Bayesian Analysis using Grids

In the following, a grid is defined using column arrays Rx and Ry. For each x value in R1, R2 contains the corresponding f(x) pdf value. lprec and uprec are the lower and upper precision values (default .1).

GRID_HDI(Rx, Ry, lab, alpha, lprec, uprec): returns a column array with the following entries: endpoints of the HDI, length of the HDI and the actual value for 1–alpha based on the HDI. See Credible Interval and HDI.

GRID_DIST(x, Rx, Ry, cum) = the pdf f(x) if cum = FALSE based on the grid in Rx and Ry, and the cdf F(x) if cum = TRUE.

GRID_INV(p, Rx, Ry) = the inverse F-1(p) based on the grid in Rx and Ry.

GridDesc(Rx, Ry, lab, hyp, alpha, lprec, uprec): returns an array with mean, median, mode, HDI (lower/upper), equal-tailed CI (upper/lower), BF01, BF10, P(H0|X), P(H1|X) based on the grid in Rx and Ry where H0 is p < hyp (default .5).

GridSpline(Rx, Ry, rate): returns a two-column array with an expansion to the grid defined by Rx and Ry. The first column of the output contains the x values while the second column contains the corresponding y values where each value in the original grid except the last is expanded to rate (default 10) number of values using spline interpolation.

See Bayesian Analysis using Grids for more details.

Bayesian Beta Testing

BayesBeta(a, b, lab, alpha, hyp): returns an array with mean, median, mode, HDI (lower/upper), equal-tailed CI (upper/lower), BF01, BF10, P(H0|X), P(H1|X) for a beta distribution with parameters a and b where H0 is p < hyp (default .5).
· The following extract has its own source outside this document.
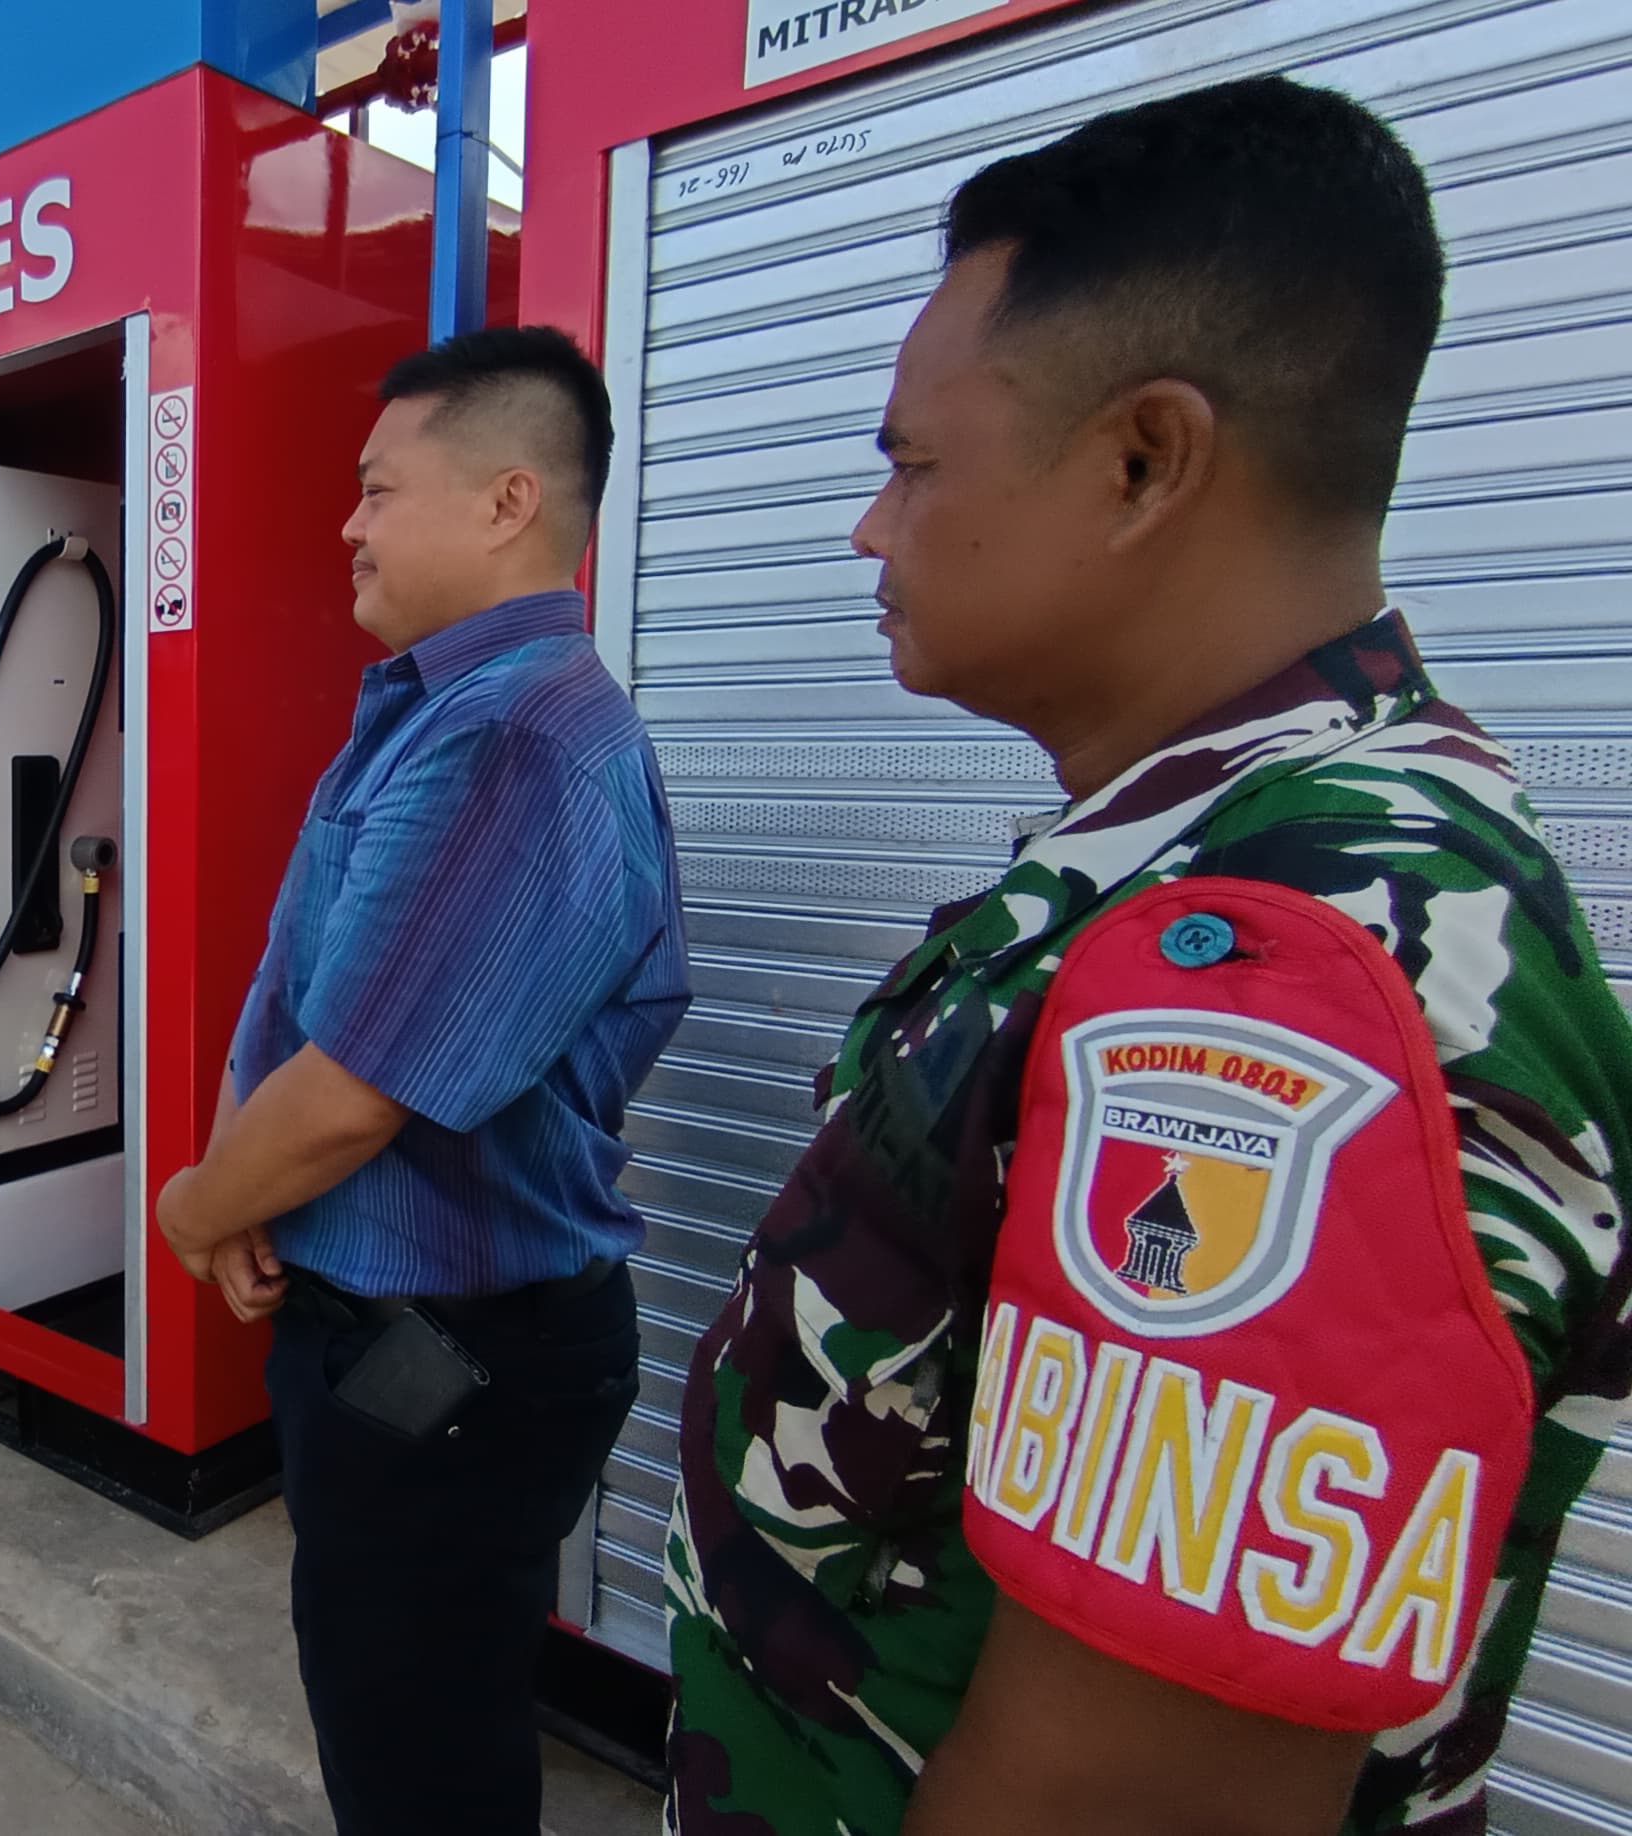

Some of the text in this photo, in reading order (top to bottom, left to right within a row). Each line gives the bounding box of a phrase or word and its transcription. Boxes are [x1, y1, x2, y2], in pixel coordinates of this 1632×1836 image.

[1106, 1043, 1309, 1108] KODIM 0803
[1103, 1107, 1278, 1160] BRAWIJAYA
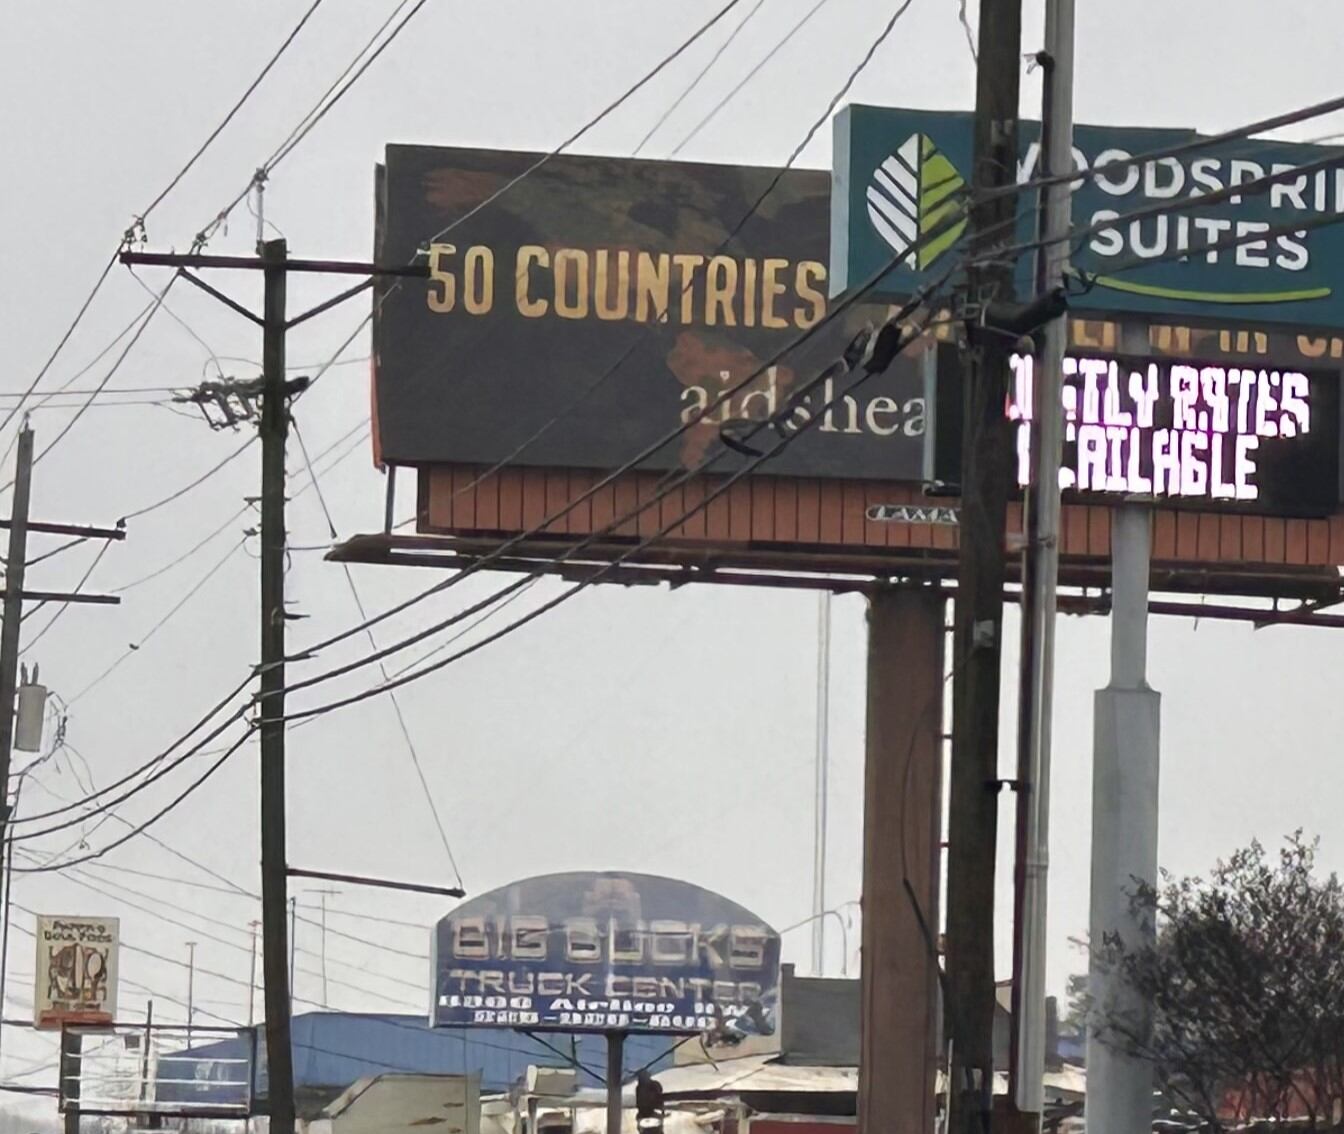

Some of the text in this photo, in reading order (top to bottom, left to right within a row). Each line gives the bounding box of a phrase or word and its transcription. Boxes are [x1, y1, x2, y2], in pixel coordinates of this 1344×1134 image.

See Bayesian Characterization of a Beta Distribution for more details.

BETA_EFFECT(bf, n) = minimum φ value needed to obtain BF10 = bf for a sample of size n

BETA_SIZE(bf, φ) = minimum sample size n needed to obtain BF10 = bf for an effect of size φ.

See Bayesian Beta Test Sample and Effect Sizes for more details.

BETA_HDI(alpha, a, b, lab, iter): returns an array for a beta distribution with parameters a and b with the following entries: endpoints of the 1– alpha HDI, length of the HDI and the pdf values at the two endpoints. iter = the number of iterations (default 40) in the divide and conquer algorithm used.

BETA2_HDI(alpha, a, b, lab, iter): just like the BETA_HDI worksheet function but for the beta prime distribution.

See High Density Interval for more details.

Bayesian Binomial/Proportion Testing

BayesBinom(n, s, lab, a, b, p): returns an array with BF01, BF10, P(H0|X), and P(H1|X) for a two-sided one-sample proportion test where n = the sample size, s = the number of successes, p = the test proportion (default .5), and a (default 1) and b (default 1) are the parameters for the beta distribution prior. Here H0: population proportion = p and H1: population proportion ≠ p.

BayesBinom0(n, s, lab, a, b, p): similar to BayesBinom where H0: population proportion < p and H1: population proportion ≥ p. This corresponds to one-sided analysis described in Beta Conjugate Prior.

BinomP(n, s, p)  = the q value described in Bayesian Binomial Hypothesis Testing, used for the H: population proportion < p and H+: population proportion ≥ p.

See Bayesian Binomial Testing Tools for more details.

Bayesian T Tests

T_STATP(R1, R2, paired) = t statistic (used with two-sided tests).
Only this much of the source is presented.